Er führte mich in sein Büro, die anderen folgten ihm.
Ohne auf seine Aufforderung zu warten ließ ich mich auf den Sessel fallen, der seinem gegenüberstand. Dazwischen war nur sein Bürotisch.
"Cataleya Isra Rostovas, ich nehme an deine Entscheidung steht fest."
"Ja, meine Entscheidung steht. Ich werde nicht mehr für dich malochen."
Vater und Tochter, und die gemeinsame Unfähigkeit ihre Anspannung zu zeigen.
"Nun denn, dann unterschreiben wir das hier schnell und die Sache ist erledigt."
Gleichgültig kramte er einen Stapel Papiere aus einer Schublade, um sie vor mir abzulegen.
Kurz verharrte ich, dann las ich sie mir durch.
Am Ende des zweiten Zettels realisierte ich langsam, warum mir die Polizei angehängt wurde.
"Ich werde meinen Namen nicht auf diese Papiere schreiben."
"Interessant."
"Ich werde mich nicht von euch abhängig machen, nur damit ihr sicher sein könnt, dass ich nichts versehentlich ausplaudere."
"Dass, oder du malochst weiterhin für uns."

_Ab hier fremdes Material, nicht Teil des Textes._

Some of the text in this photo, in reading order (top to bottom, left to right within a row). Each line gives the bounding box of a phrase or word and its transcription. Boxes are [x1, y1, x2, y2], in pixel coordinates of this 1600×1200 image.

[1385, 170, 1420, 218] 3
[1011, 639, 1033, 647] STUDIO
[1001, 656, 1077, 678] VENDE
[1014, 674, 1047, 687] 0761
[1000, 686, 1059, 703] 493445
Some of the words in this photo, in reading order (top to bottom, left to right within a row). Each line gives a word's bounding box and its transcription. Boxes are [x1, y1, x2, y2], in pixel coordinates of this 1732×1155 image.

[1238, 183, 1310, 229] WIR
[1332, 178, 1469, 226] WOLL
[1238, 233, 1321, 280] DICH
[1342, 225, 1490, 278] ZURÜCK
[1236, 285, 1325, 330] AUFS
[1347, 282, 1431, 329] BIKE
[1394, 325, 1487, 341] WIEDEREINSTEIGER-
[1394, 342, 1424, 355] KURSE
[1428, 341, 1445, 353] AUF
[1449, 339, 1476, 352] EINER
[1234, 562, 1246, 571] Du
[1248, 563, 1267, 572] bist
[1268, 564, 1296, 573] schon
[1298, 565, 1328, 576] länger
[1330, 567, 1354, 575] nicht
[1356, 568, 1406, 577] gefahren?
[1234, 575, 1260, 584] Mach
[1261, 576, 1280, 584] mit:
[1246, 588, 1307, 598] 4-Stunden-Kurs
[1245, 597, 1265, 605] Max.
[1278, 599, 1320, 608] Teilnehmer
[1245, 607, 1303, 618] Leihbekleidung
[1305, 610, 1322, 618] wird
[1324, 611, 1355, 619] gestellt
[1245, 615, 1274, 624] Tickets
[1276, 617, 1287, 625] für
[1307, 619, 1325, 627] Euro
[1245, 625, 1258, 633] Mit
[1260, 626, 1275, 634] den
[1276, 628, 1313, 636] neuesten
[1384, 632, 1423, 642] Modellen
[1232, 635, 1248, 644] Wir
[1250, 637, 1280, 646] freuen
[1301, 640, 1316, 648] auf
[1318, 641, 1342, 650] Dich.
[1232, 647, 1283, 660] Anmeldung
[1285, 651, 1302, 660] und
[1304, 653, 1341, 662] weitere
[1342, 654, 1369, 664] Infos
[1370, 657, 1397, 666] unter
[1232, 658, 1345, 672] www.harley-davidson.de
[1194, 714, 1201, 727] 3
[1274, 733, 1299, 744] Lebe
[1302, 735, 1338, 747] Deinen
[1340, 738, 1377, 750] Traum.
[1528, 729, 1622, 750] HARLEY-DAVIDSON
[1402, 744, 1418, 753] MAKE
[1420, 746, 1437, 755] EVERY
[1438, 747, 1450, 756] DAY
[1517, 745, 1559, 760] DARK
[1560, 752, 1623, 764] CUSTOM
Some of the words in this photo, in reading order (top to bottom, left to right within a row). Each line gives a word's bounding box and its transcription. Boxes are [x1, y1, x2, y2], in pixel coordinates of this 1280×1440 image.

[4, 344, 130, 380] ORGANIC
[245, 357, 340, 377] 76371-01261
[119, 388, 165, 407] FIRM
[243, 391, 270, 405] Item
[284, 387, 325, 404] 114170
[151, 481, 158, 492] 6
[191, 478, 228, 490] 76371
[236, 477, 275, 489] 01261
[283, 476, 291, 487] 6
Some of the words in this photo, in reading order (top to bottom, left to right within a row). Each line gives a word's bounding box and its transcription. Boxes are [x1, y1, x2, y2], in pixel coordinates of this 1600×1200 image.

Ich müsste mein Kontodaten mit ihnen teilen, sodass mir alles genommen werden kann, sollte ich auch nur irgendwas erzählen. Mein erster Gedanke war ein zweites Konto anzulegen. Jedoch würde ich zusätzlich überwacht werden. Sollte nach mehreren Monaten Arbeit kein Geld auf meinem Konto landen, wäre mein Plan aufgedeckt.
Wie kam Eileen bei diesem Vertrag davon?
"Wie lange gibt es solche Verträge schon?"
James schaute mich lange an, bevor er antwortete: "Seitdem es notwendig ist."
"Seit vier Jahren", meldete sich ein Umstehender zur Wort.
Eileen war davor gegangen, sie würde mir nicht helfen können.
"Wieso verfolgte mich die Polizei."
Ein kurzes Zucken seines rechten Auges verriet ihm. Er wurde zornig.
Trotzdem blieb seine tiefe Stimme ruhig als er antwortete.
"Zeit aufschieben, weil du nicht weißt, was du machen sollt. Das ist also aus meiner Tochter geworden?"
Meine kurz verdrängten Kopfschmerzen benebelten meine Gedanken, hinderten mich daran klar zu denken.
Alles war so laut.
Selbst das Öffnen der Tür.
Heyy
Ich wünsche euch allen ein schönes neues Jahr!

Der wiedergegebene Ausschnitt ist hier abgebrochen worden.